Mark Thoma suggests McCain is confused on a few things. It seems he was against privatization before he was for it. Fine – but could he at least tell us the truth about the long-run solvency position of Social Security. In early 2005 – President Bush broke what had been his 2004 silence on this issue (wouldn’t have been prudent to campaign on this issue) and went on a nation wide campaign to push for his privatization plan. McCain joined him in Arizona and told residents of McCain’s state that the Social Security Trust Fund would be “broke” by 2041. I wrote the Senator suggesting this claim was not even remotely true. His staff was kind enough to reply with a letter that had a very accurate description of the long-run solvency issue. And it seems this letter was signed by Senator McCain. Only problem – the letter directly contradicted what the Senator told his own voters. Maybe he was confused. Or maybe he was willing to lie to residents of Arizona. I report – you decide.

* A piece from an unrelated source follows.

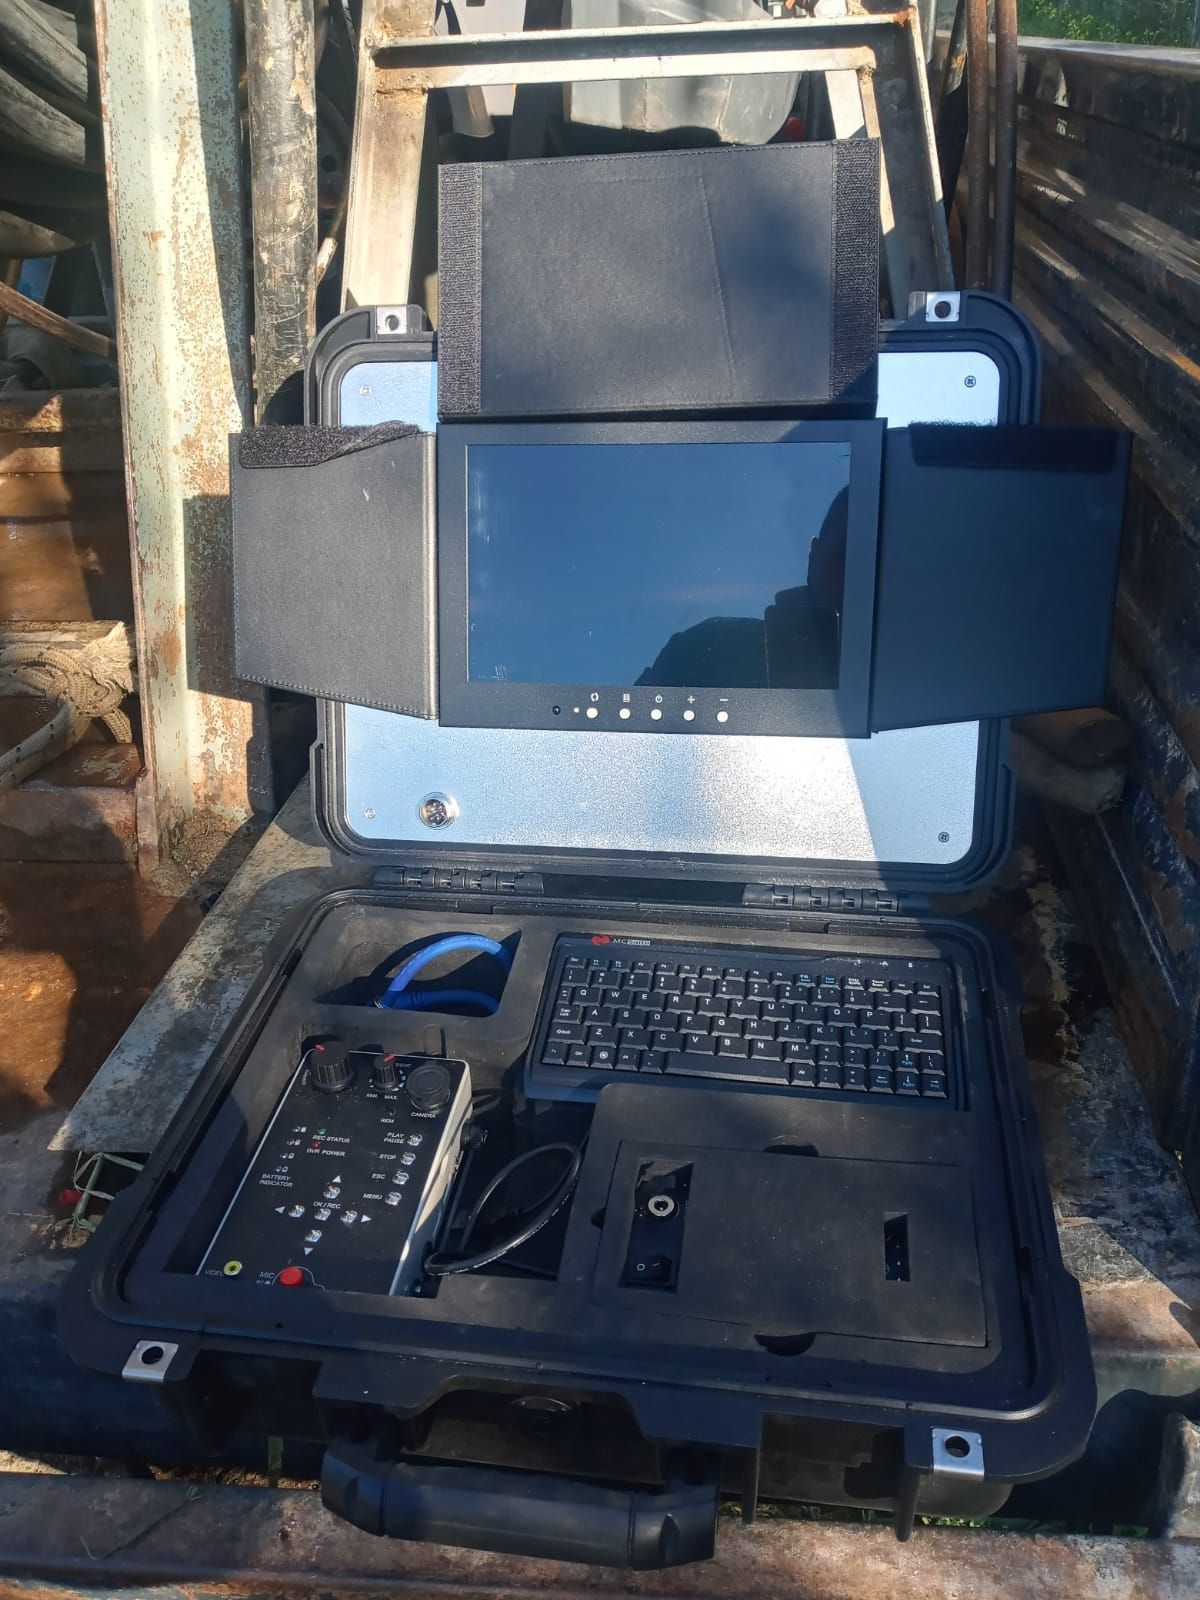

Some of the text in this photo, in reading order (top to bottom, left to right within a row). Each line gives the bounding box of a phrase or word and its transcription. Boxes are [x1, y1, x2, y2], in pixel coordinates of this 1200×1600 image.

[816, 1026, 824, 1034] K
[757, 1041, 765, 1049] N
[791, 1044, 799, 1052] M

Update: Over at Mark’s place, one comment gives us a link to what President Bush told this Arizona office on March 21, 2005:

You see, in 1950, there was 16 to 1 workers — 16 workers for every beneficiary paying into the system. It means each worker didn’t have much of a load to carry when it came to making sure that somebody who has retired got their benefits. Today, there are 3.3 to 1 — 3.3 workers paying into the system. Soon, there will be two workers paying in the system. More people getting greater benefits, living longer, and fewer people paying for us. That’s a problem. And it’s a problem that begins to manifest itself in 2018, when the Social Security system goes into the red. Now, let me tell you something about the Social Security system. It’s not a trust. A lot of people think, well, we’re collecting your money and we’re holding it for you, and then when you retire, we’re going to give it back to you. That’s not the way it works. We’re collecting your money, and if we’ve got money left over — in other words, if the — if there’s more money than the benefits promised to be paid in our hands, we’re spending it and leaving behind an IOU. That’s how it works. It’s called it’s a pay-as-you-go system. You pay, we go ahead and spend it. (Laughter.) In 2018, the system goes into the red, and every year thereafter if we don’t do anything, if we do not address the problem, it gets worse and worse and worse. To give you an example, in 2027, the system will be $200 billion in the red. In other words, $200 billion more to pay for the retirements promised to people like me who are living longer than coming in in payroll taxes. And it’s $300 billion about 12 years later. In other words, we’ve got a problem out there.

So much dishonesty – so little time!